Please retype the records below exactly as they appear, but leave out the pictures.

........

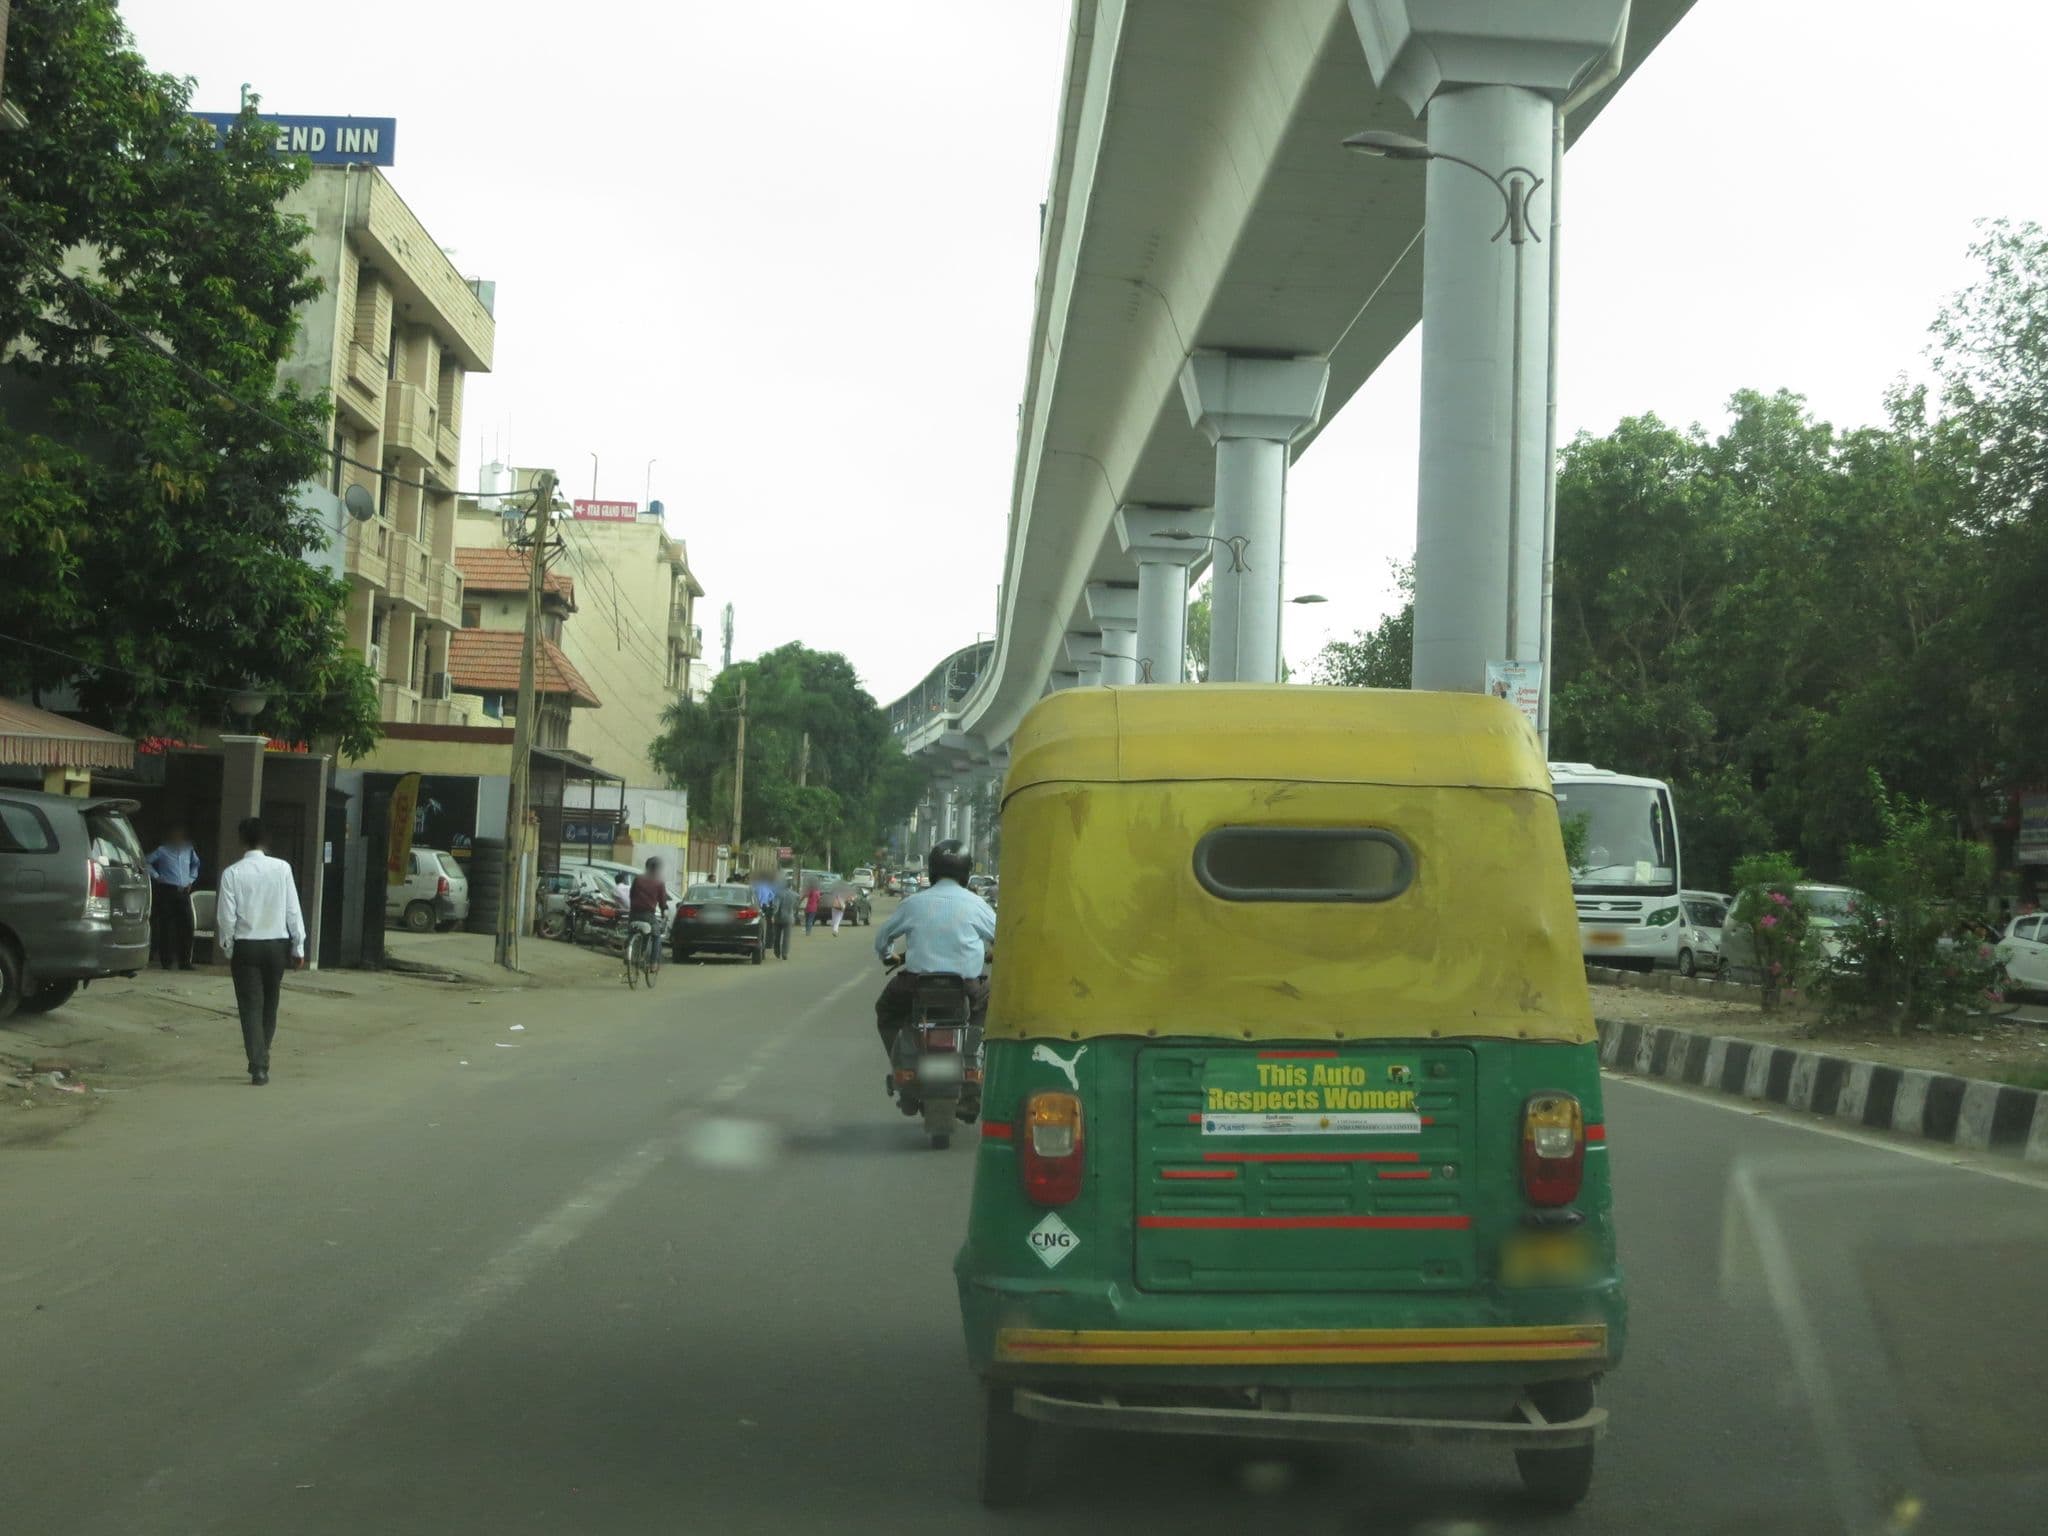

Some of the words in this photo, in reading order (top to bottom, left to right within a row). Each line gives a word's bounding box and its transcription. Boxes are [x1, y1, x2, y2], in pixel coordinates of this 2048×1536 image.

[336, 127, 379, 153] INN
[1257, 1064, 1308, 1087] This
[1312, 1065, 1366, 1087] Auto
[1208, 1088, 1320, 1112] Respects
[1324, 1088, 1415, 1110] Women
[1032, 1232, 1070, 1247] CNG
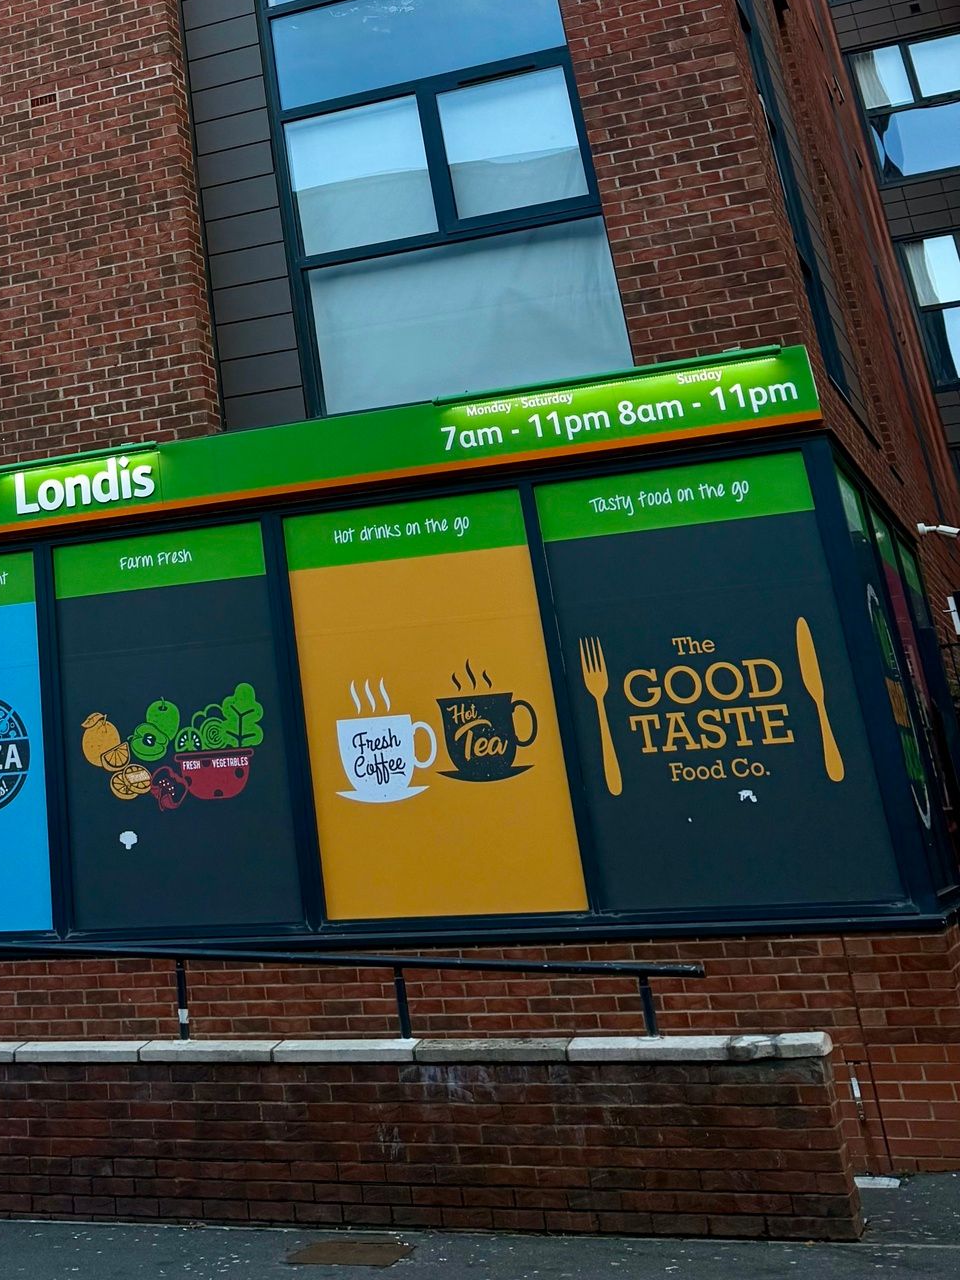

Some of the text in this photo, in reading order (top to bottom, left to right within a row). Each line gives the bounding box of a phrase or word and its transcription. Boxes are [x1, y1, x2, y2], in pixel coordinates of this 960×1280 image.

........

• **Completed task**:
Some of the words in this photo, in reading order (top to bottom, left to right within a row). Each line gives a word's bounding box and its transcription. Boxes are [x1, y1, x2, y2], in pixel coordinates of this 2048×1536 image.

[336, 127, 379, 153] INN
[1257, 1064, 1308, 1087] This
[1312, 1065, 1366, 1087] Auto
[1208, 1088, 1320, 1112] Respects
[1324, 1088, 1415, 1110] Women
[1032, 1232, 1070, 1247] CNG

Some of the text in this photo, in reading order (top to bottom, left to right within a row). Each line gives the bounding box of a phrase or word and its transcription. Boxes are [x1, y1, x2, y2], in pixel coordinates of this 960×1280 image.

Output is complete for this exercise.